One of the women tries to move my leg and my screaming reaches an octave I had no idea my voice was capable of.
“Get the stretcher,” one of the medics says. She’s calling for an ambulance. “This isn’t something we can treat here.”
And those words tell me everything I need to know about how bad things really are.
In the ambulance they give me something for the pain but it only takes the edge off and makes my vision a little fuzzy. My knee feels swollen, the skin tight enough to burst open. The pressure is excruciating. The icepacks don’t seem to be helping at all. I feel dizzy and taste bile rising in my throat.
“He’s going into shock,” one of the EMTs announces.
I feel myself fading. I grab the arm of my team rep who rode with me in the ambulance before I black out completely. “Claire,” I tell him. “Get Claire.”
The ambulance hits a bump. The pain is paralyzing. My mouth opens yet again to scream, and then suddenly everything goes black.I don’t know now long I’ve been out by the time I finally wake up. Looking around, I know I’m at the Hope Center. I blink groggily as several doctors stand over me, talking amongst themselves. Claire is with them, nodding as they suggest ways to approach things regarding my care. I’m too foggy-headed to understand exactly what they’re saying. Claire glances at me and gives me the most angelic smile I’ve ever seen. God, she’s beautiful. The light shines around her like a halo. My groggy brain keeps saying, ‘I love you’, over and over. It’s a good thing my lips are too dry and cracked to open.
She takes my hand and squeezes. “Everything is going to be okay,” she says. I love her voice too. “All of these doctors are going to take care you.”
I peel my lips apart. Everything hurts. “You’ll watch over me?”
She smooths my hair, her fingers caressing my cheek. “Of course I will.”
That’s all the reassurance I need. I trust her. As I slip under once again, I’m left with the feel of her skin as she intertwines her fingers with mine.11ClaireThe problem with AJ’s leg is beyond my area of expertise. As much as I’d like to take control over his care, that’s not what’s best for him. I’m just grateful the doctors on board allow me to sit in on everything. I trust them. With everything going on and the chaos surrounding it, I find being in the operating room too much. I’m in the way and I’m not thinking clearly. I need to take a step back and let the experts do their jobs without my nervous tension mucking up the vibe in the room.
I go out to the waiting room where Carson sits, his leg bobbing maniacally. He stands up when he sees me. I wave my hands in a sitting motion. “He’s still in surgery, but everything is fine. He’s in the best hands possible,” I say and explain to him what most likely happened to his leg.
“How long will it take him to recover?” Carson asks.
“I can’t answer that with certainty, but in all likelihood, he’s probably looking at several months.”
Carson nods his head, looking gutted over the news. I know his relationship with AJ goes beyond agent and athlete. They’ve become friends and I see genuine worry there.
He sighs and looks at me with a defeated smile. “I just want to warn you that you may feel some pressure to do certain things now, but AJ made it clear to me before all of this happened that you are your own person and you’re not to be forced into anything.”

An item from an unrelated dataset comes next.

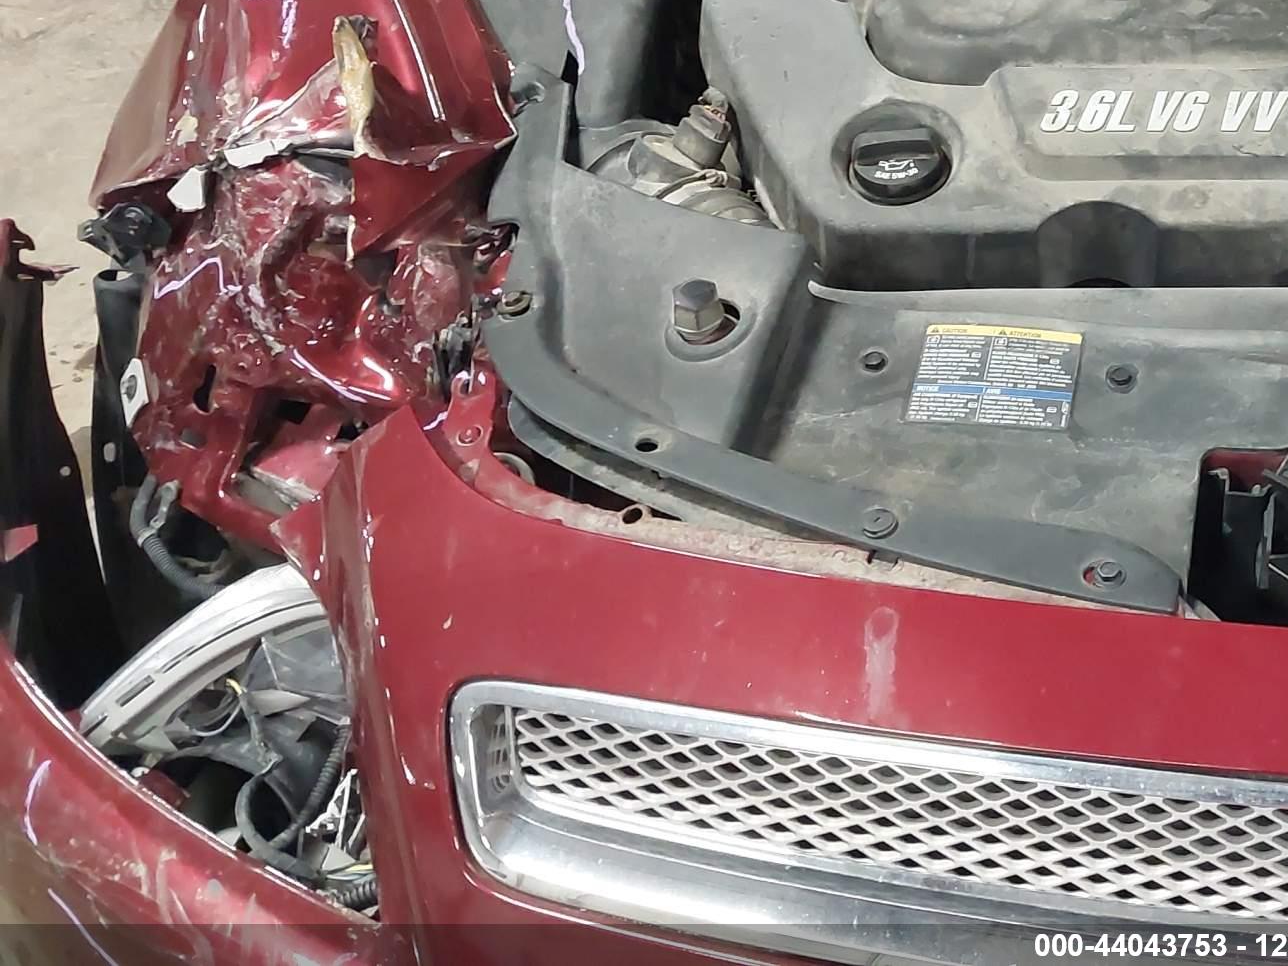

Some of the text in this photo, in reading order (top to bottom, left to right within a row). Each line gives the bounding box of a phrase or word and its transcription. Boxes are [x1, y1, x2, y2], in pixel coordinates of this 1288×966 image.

[1040, 89, 1135, 132] 3.6L
[1147, 90, 1210, 132] V6
[874, 170, 891, 180] SAE
[1009, 330, 1042, 338] ATTENTION

I can tell he’s being purposefully cryptic. I have a feeling he means I’m going to be thrust into the public eye after this and will probably be asked to make statements to the press and fans about AJ’s injury and recovery. There are HIPAA compliances against talking about patients’ medical records, but AJ is transparent with his fans, and because I’m his fiancée and not his primary, the public will be looking to me for answers.
“I understand. I’m AJ’s fiancée now. I will stay that way until the two of us decide otherwise.”

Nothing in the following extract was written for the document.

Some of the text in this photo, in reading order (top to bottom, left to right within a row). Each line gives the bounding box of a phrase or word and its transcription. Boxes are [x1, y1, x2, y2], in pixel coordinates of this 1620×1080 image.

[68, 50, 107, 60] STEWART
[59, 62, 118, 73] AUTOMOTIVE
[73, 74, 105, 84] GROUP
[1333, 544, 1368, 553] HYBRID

Carson smiles and reaches over to squeeze my hand.
Now I’m wondering if I’m really up to dancing with the wolves outside. AJ has barely been at the Hope Center for an hour and already they have the building surrounded. We had to usher the fans into the corner of the parking lot because they were blocking the ambulance entrance. All of the cards and flowers and stuffed animals will end up being taken to the pediatric ward or will eventually fill up the dumpsters. A word or two from his fiancée, who just also happens to be the doctor running the hospital where he’s being treated, will go a long way in placating the horde. But can I handle all of that right now with everything going on?